Aspergillus sclerotiorum is a species of fungus in the genus Aspergillus. It is from the Circumdati section. The species was first described in 1933. A. sclerotiorum has been reported to produce penicillic acid, xanthomegnin, viomellein, and vioxanthin.

In 2016, the genome of A. sclerotiorum was sequenced as a part of the Aspergillus whole-genome sequencing project - a project dedicated to performing whole-genome sequencing of all members of the genus Aspergillus. The genome assembly size was 37.97 Mbp.

Growth and morphology
Aspergillus sclerotiorum has been cultivated on both Czapek yeast extract agar (CYA) plates and Malt Extract Agar Oxoid® (MEAOX) plates. The growth morphology of the colonies can be seen in the pictures below.

Heavy Metal Tolerance
In a study published in Dec 2020, cadmium, chromium, and lead tolerant microbes have been isolated from contaminated mining soil and characterized. Six soil samples were collected from Nanjing mine (32°09′19.29″ N 118°56′57.04″ E). Soil samples were taken from the depth of 0~30 cm and processed within 8 h. After the collection of soil samples, these were kept on dry ice and further used to isolate fungi. Aspergillus Sclerotiorum was one of 5 identified strains that exhibited tolerance to all 3 of these heavy metals.

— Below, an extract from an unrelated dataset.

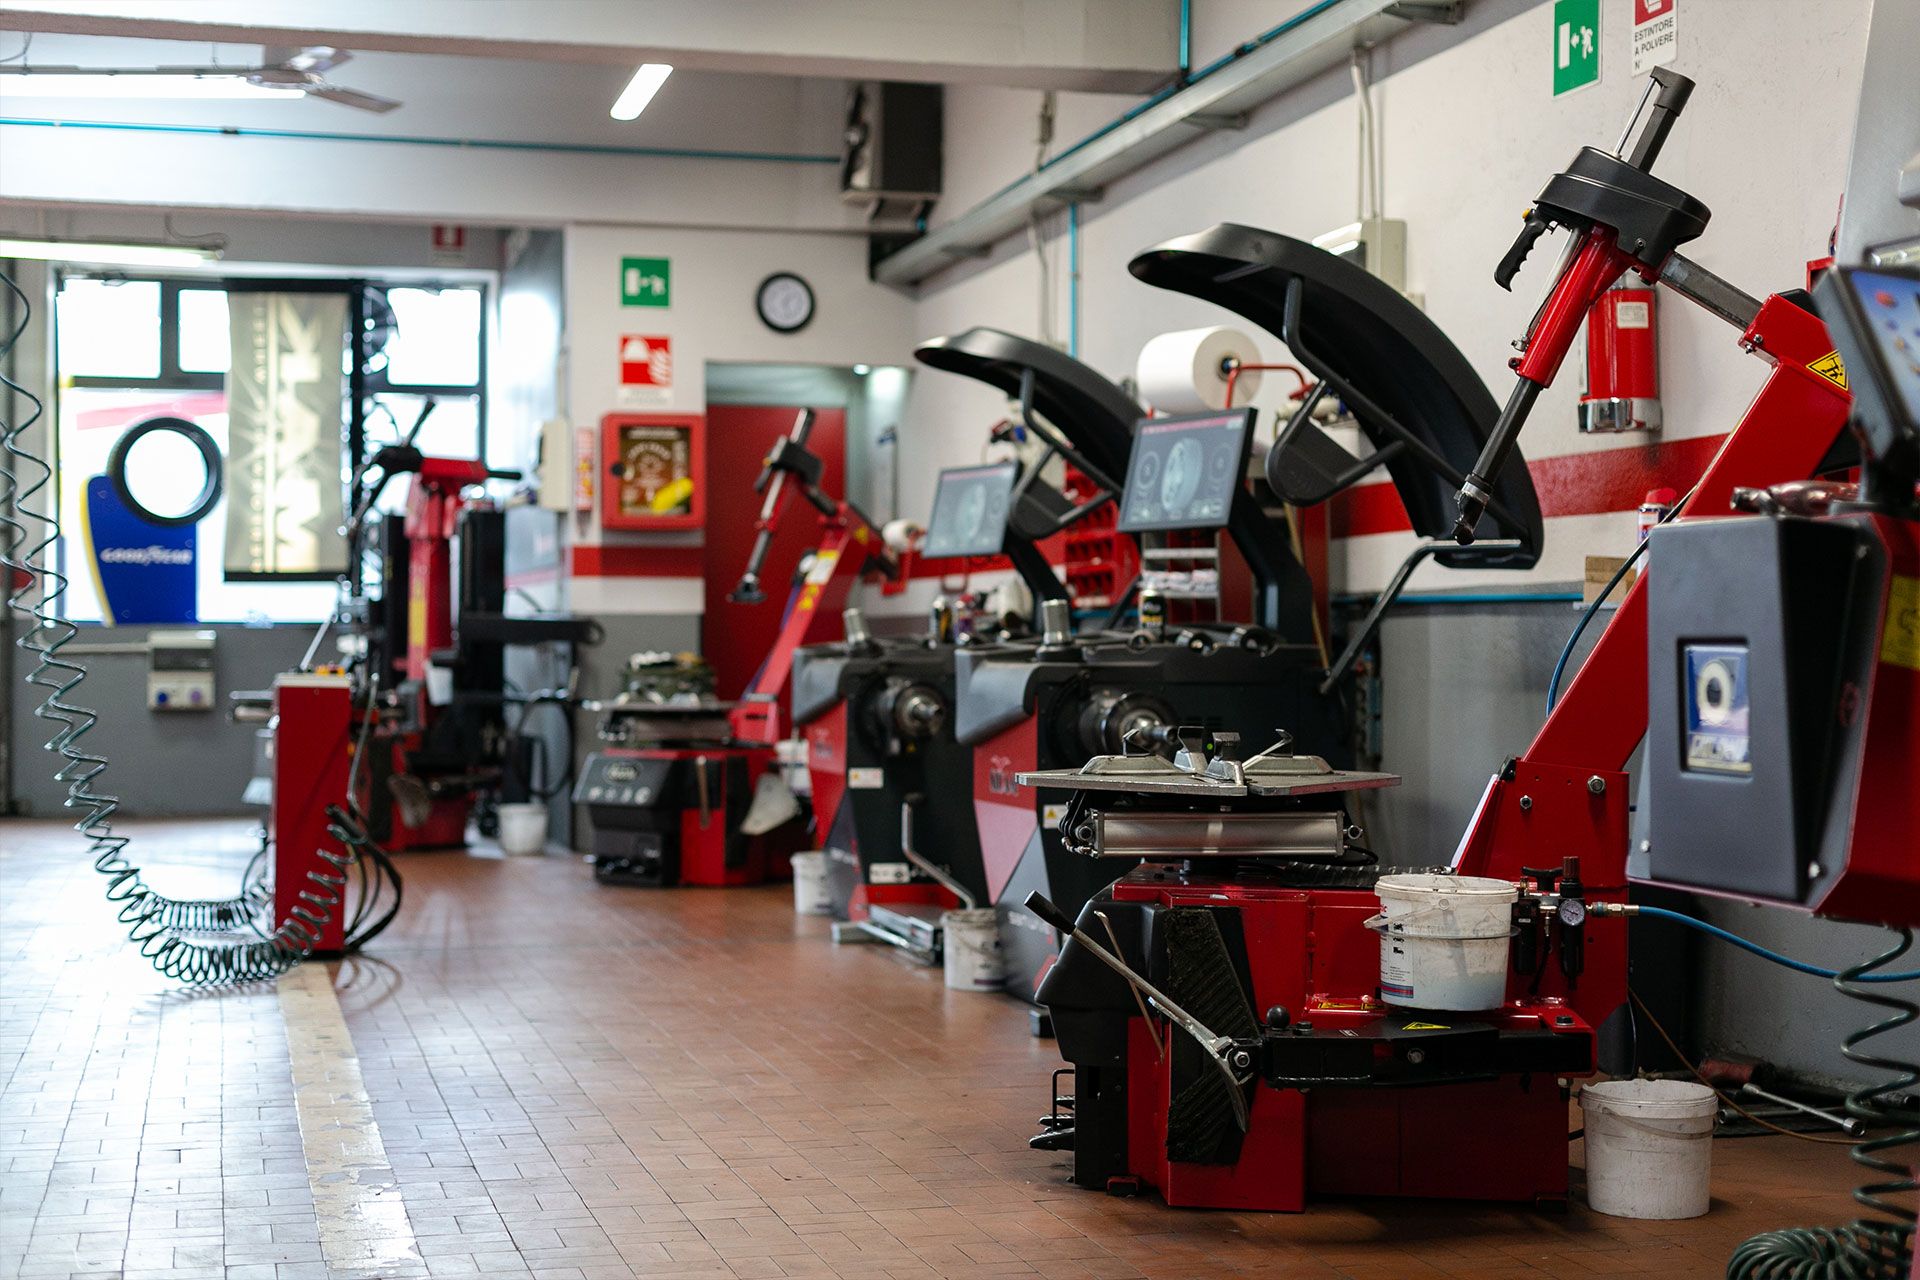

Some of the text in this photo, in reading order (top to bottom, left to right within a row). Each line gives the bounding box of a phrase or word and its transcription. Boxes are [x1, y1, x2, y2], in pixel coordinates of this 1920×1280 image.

[1635, 17, 1673, 42] ESTINTORE
[1635, 31, 1673, 56] A POLVERE
[275, 294, 321, 572] MAK

Molecular characterization of isolated fungi was performed and amplified sequences were deposited in the GenBank NCBI database. Metal tolerance of the various strains has been determined by measuring the minimum inhibitory concentrations (MICs) and the tolerance indexes of all the tested strains against Cd, Cr, and Pb. Bioaccumulation capacities of Trichoderma harzianum and Komagataella phaffi have also been assessed. These findings helped us find a novel strain of Komagataella phaffi and suggested it to be the potential mycoremediation microbe to alleviate the contamination of Cd, Cr, and Pb. Future studies of this fungal strain can help us to understand its resistance mechanism against other heavy metals, too.